(Records from a collection)
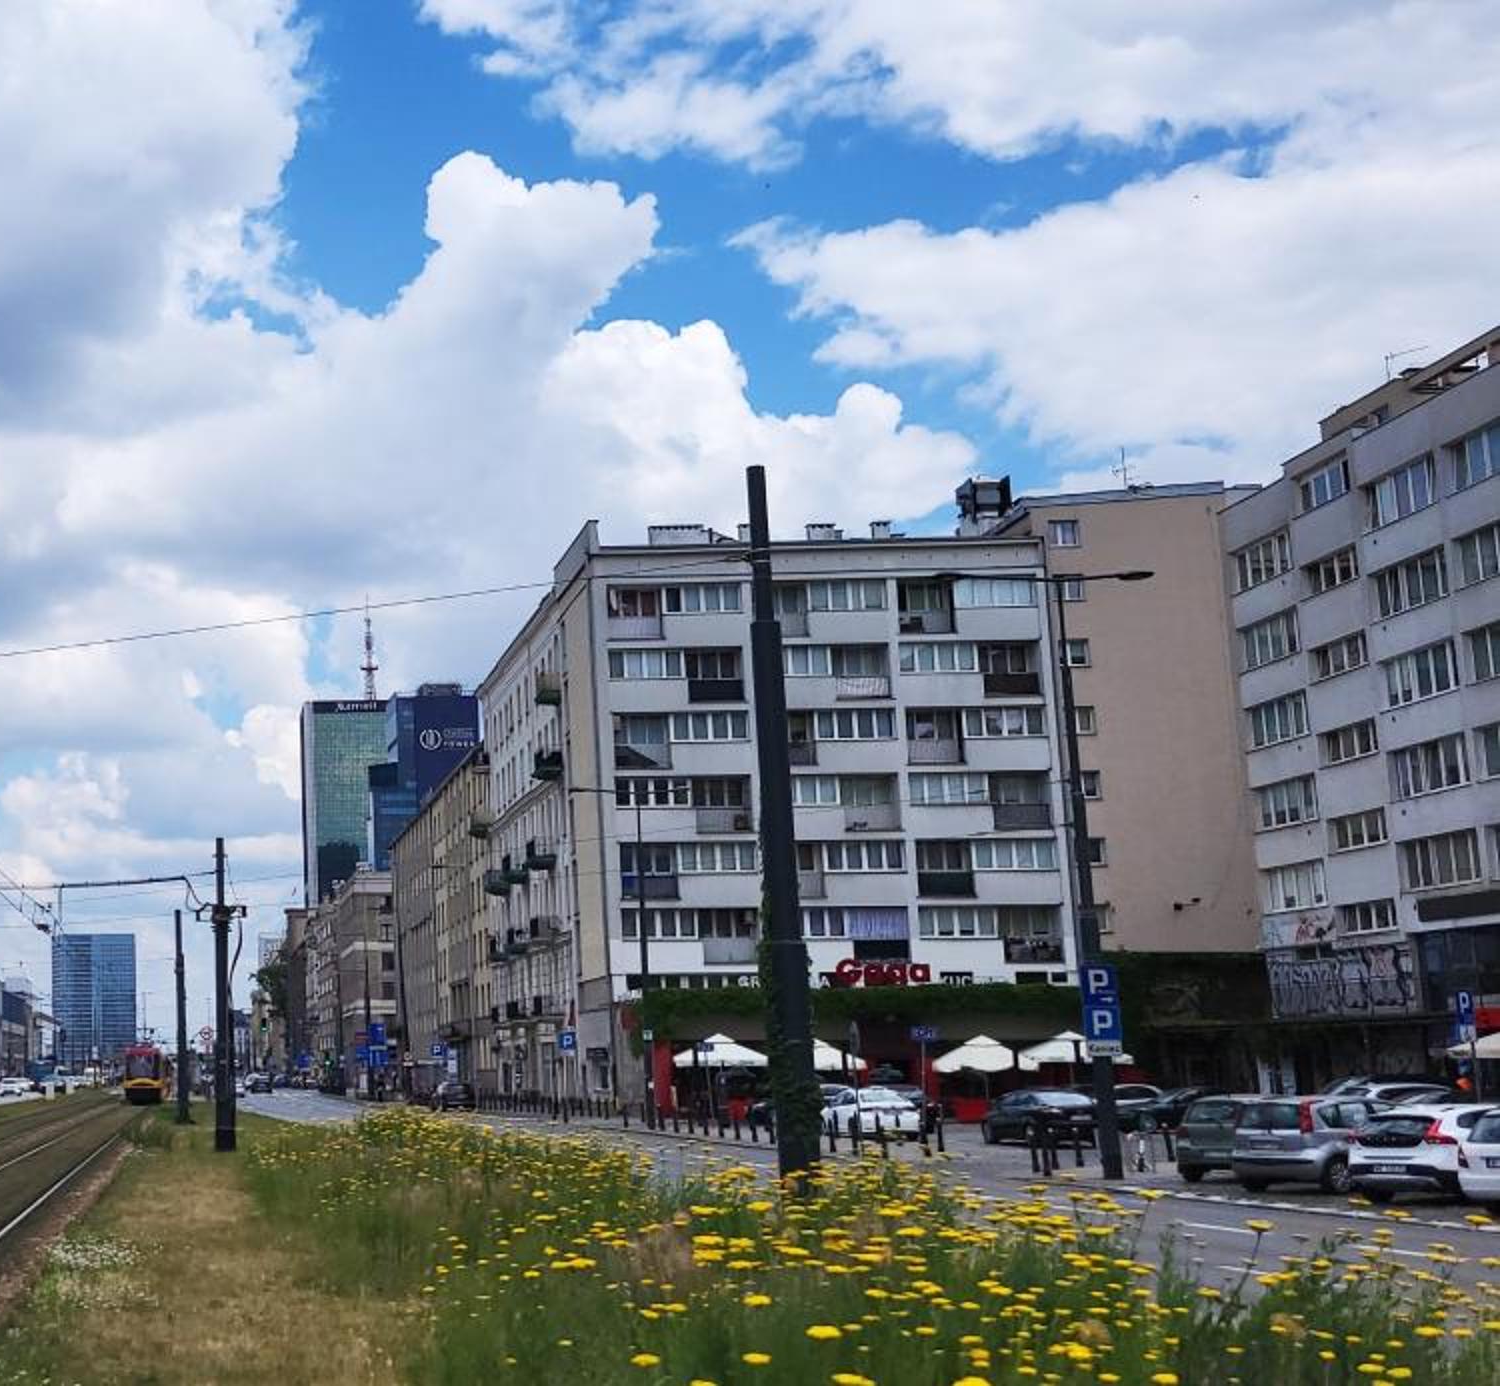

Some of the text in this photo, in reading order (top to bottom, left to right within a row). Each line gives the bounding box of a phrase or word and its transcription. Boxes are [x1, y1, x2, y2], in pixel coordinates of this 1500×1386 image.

[1088, 969, 1109, 994] P
[1459, 991, 1471, 1013] P
[1092, 1009, 1113, 1035] P
[433, 1045, 442, 1054] P
[563, 1035, 574, 1048] P
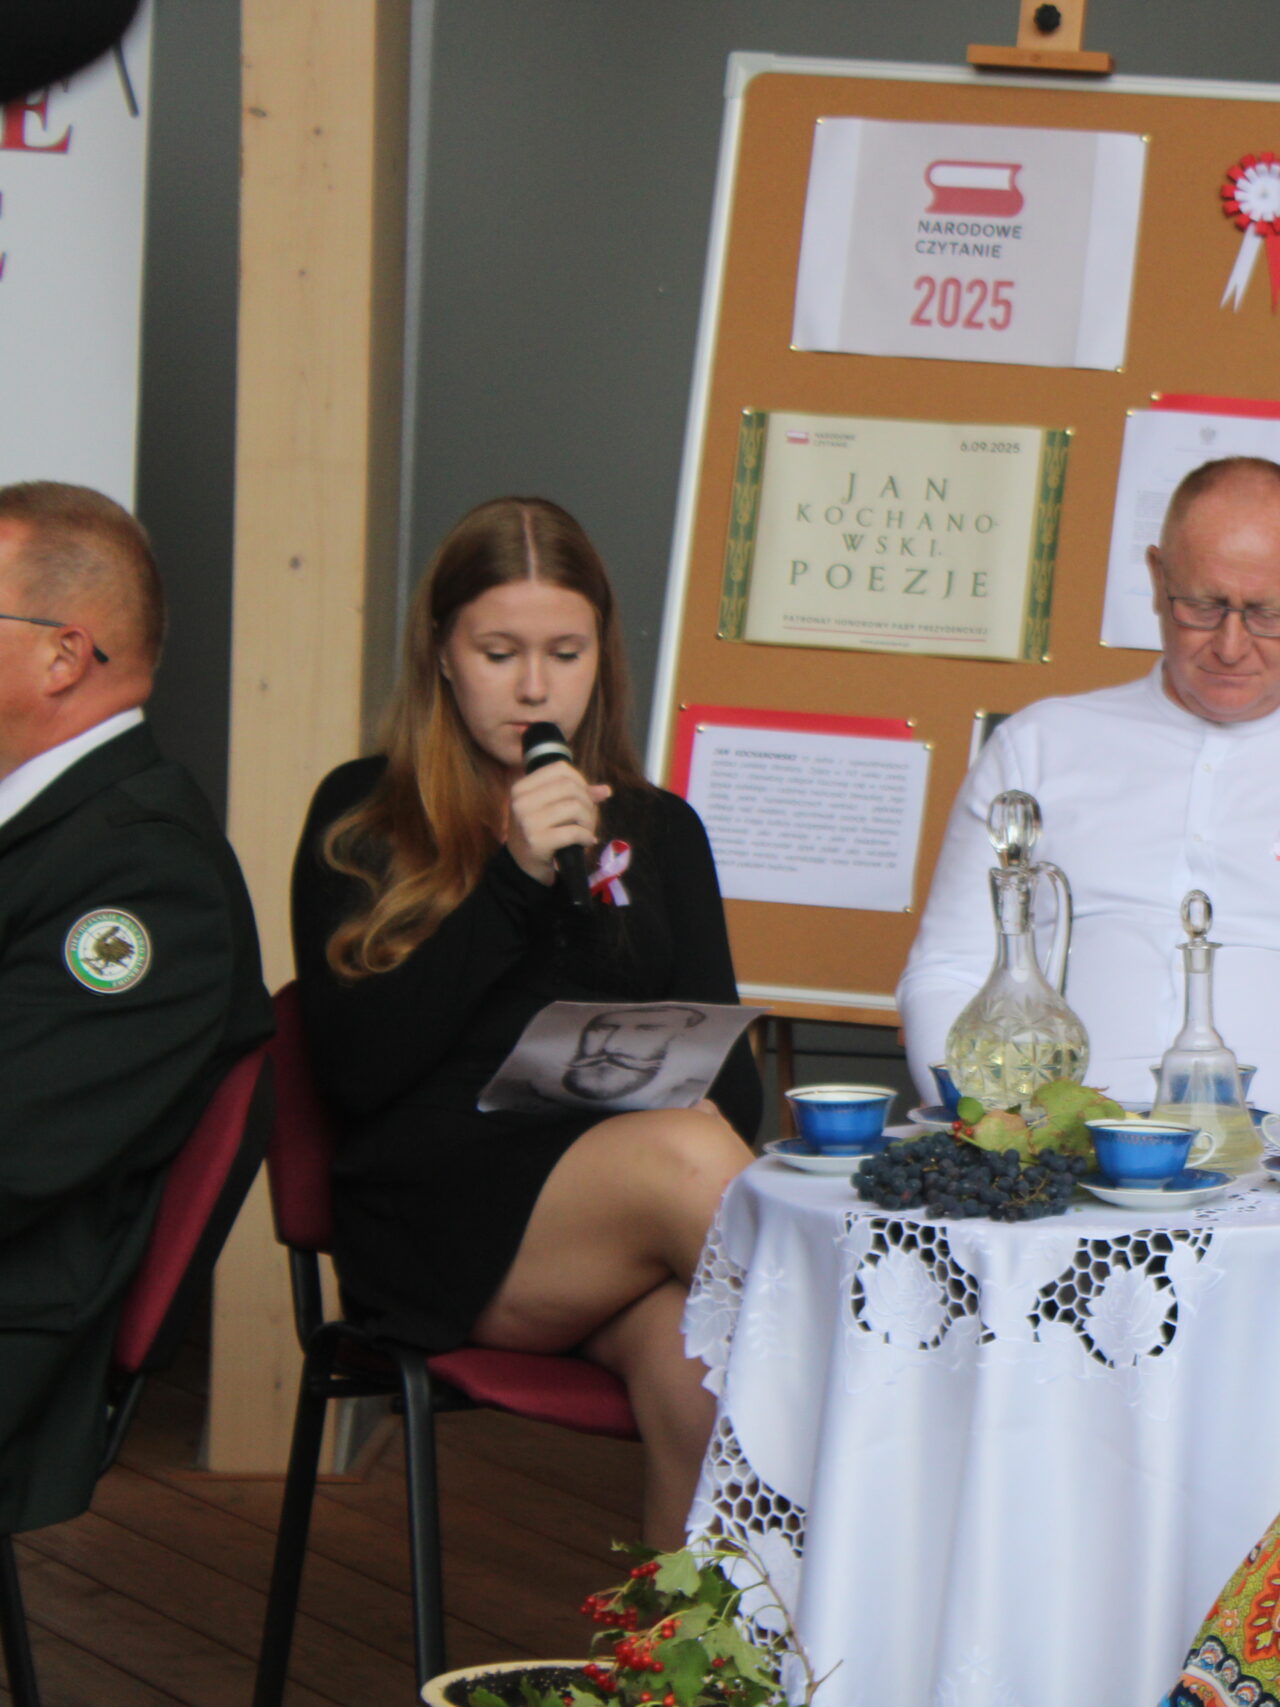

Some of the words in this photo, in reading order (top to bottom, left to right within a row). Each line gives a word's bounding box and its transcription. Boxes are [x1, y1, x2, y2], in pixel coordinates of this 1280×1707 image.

[918, 220, 1022, 239] NARODOWE
[915, 240, 1002, 258] CZYTANIE
[910, 275, 1015, 331] 2025
[960, 440, 1020, 453] 6.09.2025
[841, 472, 948, 504] JAN
[788, 560, 988, 599] POEZJE
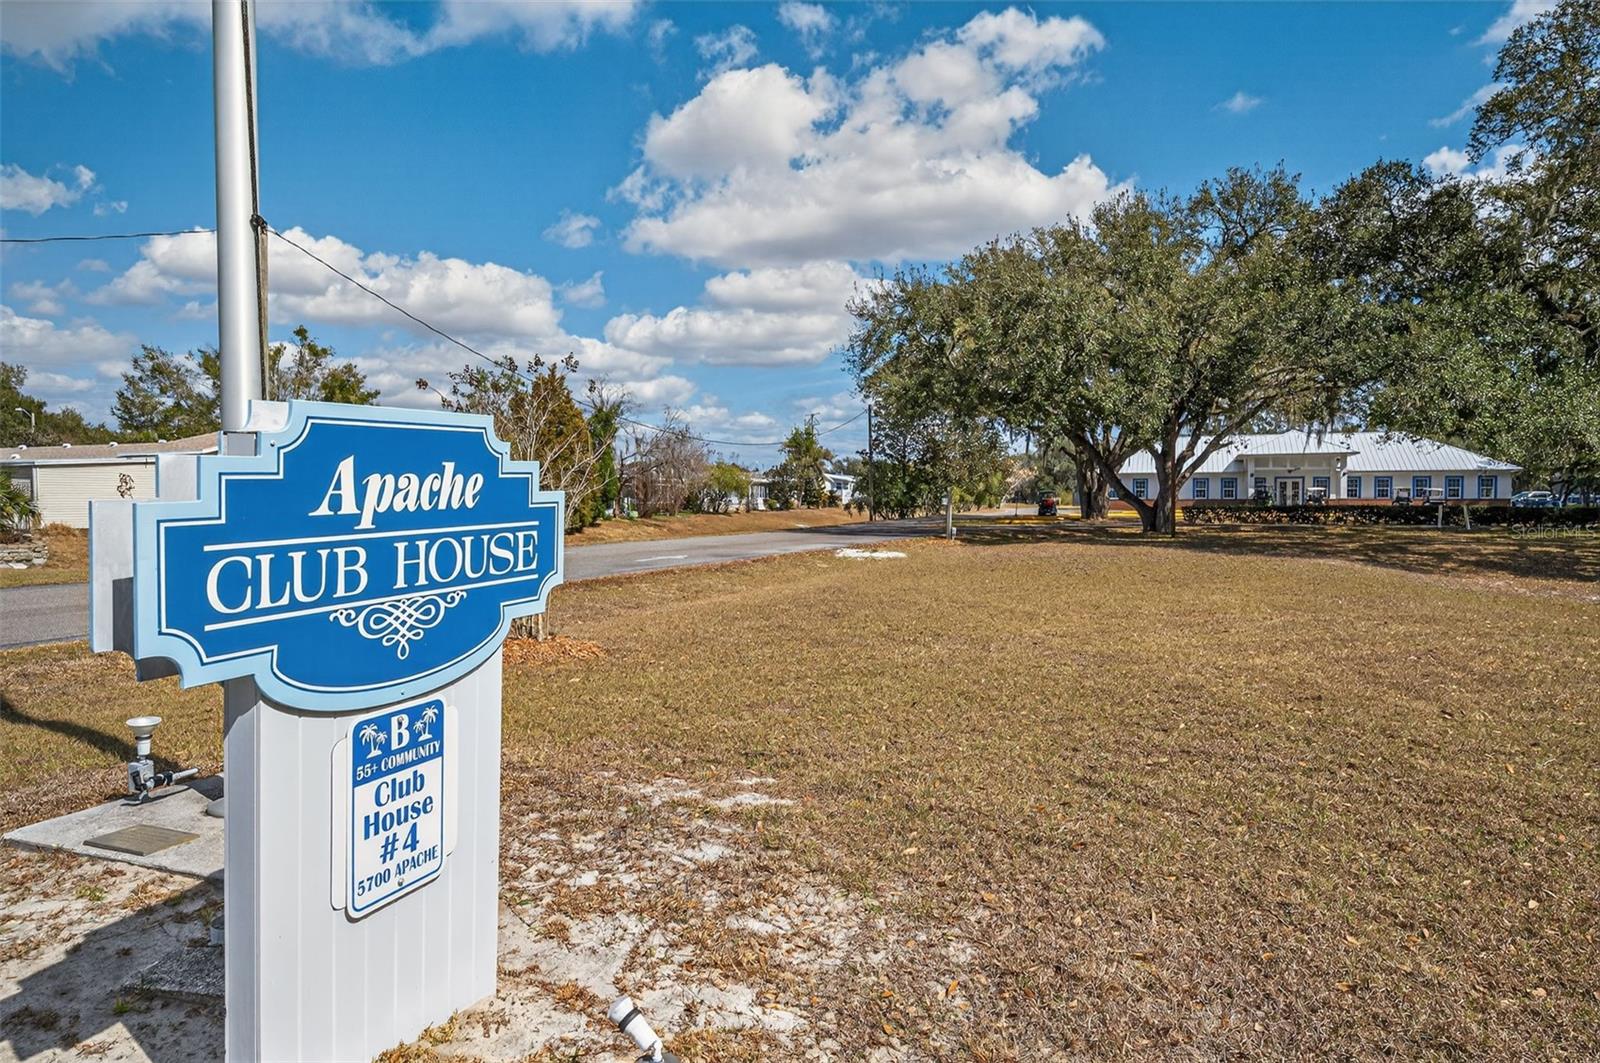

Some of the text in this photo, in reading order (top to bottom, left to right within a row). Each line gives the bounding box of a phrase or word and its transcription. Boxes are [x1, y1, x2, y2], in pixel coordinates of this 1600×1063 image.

[308, 455, 484, 530] Apache
[206, 530, 539, 614] CLUB HOUSE
[391, 713, 410, 751] B
[356, 740, 441, 781] 55+ COMMUNITY
[374, 769, 425, 807] Club
[363, 795, 434, 840] House
[357, 844, 439, 897] 5700 APACHE

### Work to complete
Repeat the records above verbatim, dropping the pictures.

### Output of the exercise
Some of the text in this photo, in reading order (top to bottom, left to right within a row). Each line gives the bounding box of a phrase or word and its transcription. Boxes are [x1, y1, x2, y2], in pixel coordinates of this 1500×1386 image.

[1088, 969, 1109, 994] P
[1459, 991, 1471, 1013] P
[1092, 1009, 1113, 1035] P
[433, 1045, 442, 1054] P
[563, 1035, 574, 1048] P

Some of the words in this photo, in reading order (top to bottom, left to right within a row). Each line gives a word's bounding box and its transcription. Boxes are [x1, y1, x2, y2], in pixel coordinates of this 1280×1707 image.

[918, 220, 1022, 239] NARODOWE
[915, 240, 1002, 258] CZYTANIE
[910, 275, 1015, 331] 2025
[960, 440, 1020, 453] 6.09.2025
[841, 472, 948, 504] JAN
[788, 560, 988, 599] POEZJE

Some of the text in this photo, in reading order (top to bottom, left to right within a row). Each line gives the bounding box of a phrase or word and its transcription. Boxes are [x1, y1, x2, y2], in pixel coordinates of this 1600×1063 image.

[308, 455, 484, 530] Apache
[206, 530, 539, 614] CLUB HOUSE
[391, 713, 410, 751] B
[356, 740, 441, 781] 55+ COMMUNITY
[374, 769, 425, 807] Club
[363, 795, 434, 840] House
[357, 844, 439, 897] 5700 APACHE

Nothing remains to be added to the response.